Я оборачиваюсь на Кристен. Вот уж кто у меня поперек горла! Ей было задание беречь Шувалову, в итоге она ее потеряла.
Ненависть к Варе взвивается с привкусом ядовитого предательства. Я этой девчонке всё давала, что она хотела: была матерью, подругой, жилеткой для слез, терпела все её выкрутасы. И вот она — цена за доброту. Пей, Марго, только не подавись!
— Что будем делать с Шуваловой? — Я задаю неприятный, но растравляющий мне душу вопрос.
Честное слово! Я Варвару пустила бы на мясо или сдала бы в Карцер. Только ребенка жалко. Может, отнять, а потом убить? А что? Наталья будет рада. Джеймс ловит мой взгляд и понимает всё без слов. Он оборачивается к ожидающей своей участи Деннард.
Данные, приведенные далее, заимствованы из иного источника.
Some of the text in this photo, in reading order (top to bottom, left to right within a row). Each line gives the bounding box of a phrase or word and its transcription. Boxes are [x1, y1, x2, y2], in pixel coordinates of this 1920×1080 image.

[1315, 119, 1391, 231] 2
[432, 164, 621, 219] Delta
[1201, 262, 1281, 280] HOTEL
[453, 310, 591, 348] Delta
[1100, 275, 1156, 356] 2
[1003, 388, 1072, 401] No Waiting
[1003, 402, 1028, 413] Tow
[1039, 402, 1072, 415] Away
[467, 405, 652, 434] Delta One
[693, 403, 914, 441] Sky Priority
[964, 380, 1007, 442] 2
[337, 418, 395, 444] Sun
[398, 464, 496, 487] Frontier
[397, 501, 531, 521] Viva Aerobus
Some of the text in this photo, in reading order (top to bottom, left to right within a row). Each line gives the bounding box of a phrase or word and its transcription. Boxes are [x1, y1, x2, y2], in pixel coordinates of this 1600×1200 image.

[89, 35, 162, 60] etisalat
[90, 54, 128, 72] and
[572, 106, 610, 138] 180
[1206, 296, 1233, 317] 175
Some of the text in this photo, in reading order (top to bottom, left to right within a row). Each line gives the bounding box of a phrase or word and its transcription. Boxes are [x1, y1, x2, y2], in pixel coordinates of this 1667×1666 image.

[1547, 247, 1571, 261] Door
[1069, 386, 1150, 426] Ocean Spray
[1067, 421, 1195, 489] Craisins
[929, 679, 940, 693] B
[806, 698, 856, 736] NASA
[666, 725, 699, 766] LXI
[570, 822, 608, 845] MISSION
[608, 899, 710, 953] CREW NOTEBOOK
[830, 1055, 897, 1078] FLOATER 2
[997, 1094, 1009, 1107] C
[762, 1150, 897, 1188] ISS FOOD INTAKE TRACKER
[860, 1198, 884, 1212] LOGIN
— Она ведь стала Смертной, как я понял?
— Да. Знак испорчен.
— Что будем делать, Марго?
— Мне все равно. — Я хладнокровно жму плечами. Но Джеймс слишком хорошо знает меня, и я слышу то, что желаю:
— Кристен, я буду милосерден к тебе. Даю тебе шанс, как и Норе. Хотите вместе работайте, хотите врозь. Но приведите мне Оденкирка, а Шувалову — убейте. Не люблю перебежчиков.
Я отворачиваюсь от всех, чтобы не видели моей довольной улыбки. Я слышу, как Морган их наставляет, дает координаты и советы, а сама ощущаю злорадство и назревающую месть, которая имеет вкус крови. Подумаешь беременна. Я достану себе другого ребенка. Не нужен мне этот ублюдок, состоящий из предательства матери и инквизиторской тупости.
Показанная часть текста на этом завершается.